In a recent interview with David Chalmers conducted by Seher Yekenkurul (Philosophy Pathways Issue 123), it was stated that the 'basic question in the philosophy of mind is the mind/ body problem.' The term body really refers to the brain since it is the connection of mind to brain that concerns a large number of philosophers who are attempting to decipher the mystery of this relationship. The vast majority of these individuals accept the materialist thesis of modern science, namely, that all reality is reducible to materia. Lately, however, because of the intractability of the problem of reducing the conscious mind to brain processes, the dichotomy between monism and dualism has been fudged by philosophers like David Chalmers and John Searle who say that consciousness is an 'emergent property' of the brain and is not reducible to specific neuronal events. A growing literature exists on the merits of this idea.

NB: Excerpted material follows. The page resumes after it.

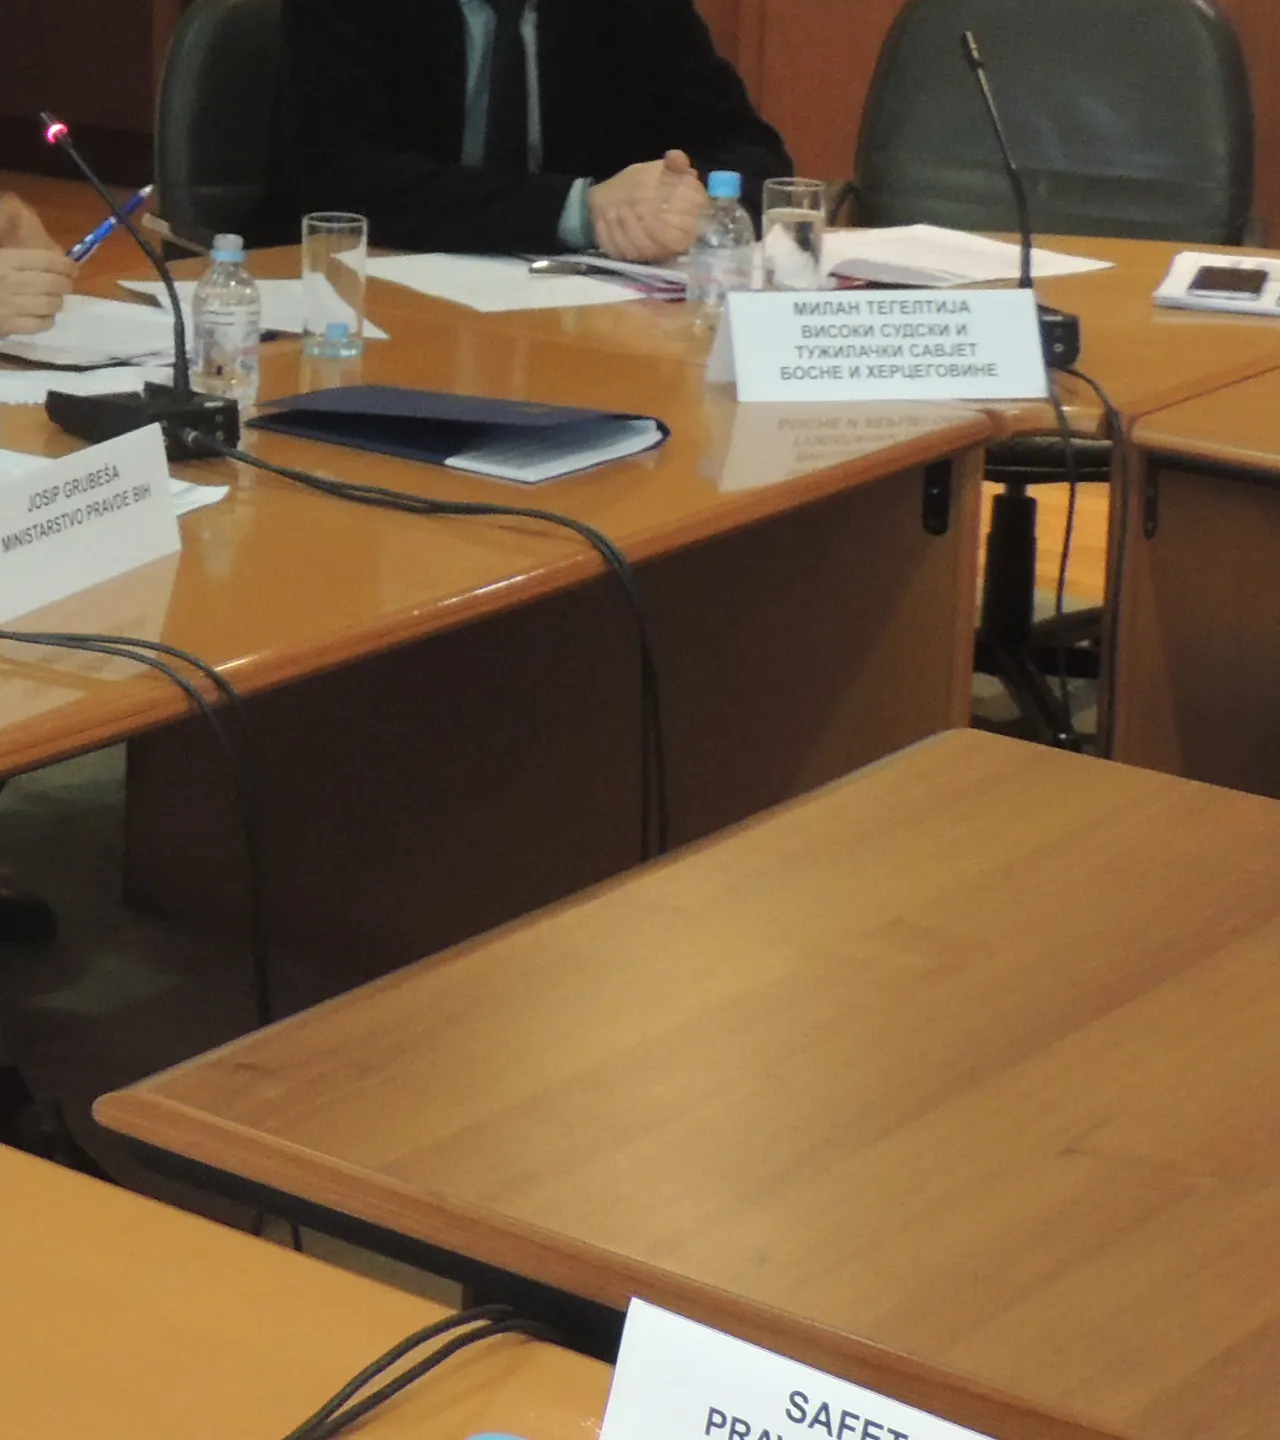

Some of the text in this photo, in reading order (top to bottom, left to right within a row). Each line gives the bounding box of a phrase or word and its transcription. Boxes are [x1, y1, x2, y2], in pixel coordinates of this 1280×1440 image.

The concept of philosophy as an aspect of the human condition refers to one's consciousness of the nature of the self and of the universe, the so-called higher consciousness. This is a primary datum, first arising in the western world within the Ionian societies of Greek-speaking peoples. Philosophy came to be valued by these peoples as a unique aspect of their culture. Subsequently, it was adapted by the Romans and then by all later European civilizations. The establishment of philosophy in universities rather than solely within church institutions resulted in the widespread dissemination of philosophic thought in western culture. It became an independent branch of European culture, intimately associated with the Enlightenment movement in Europe.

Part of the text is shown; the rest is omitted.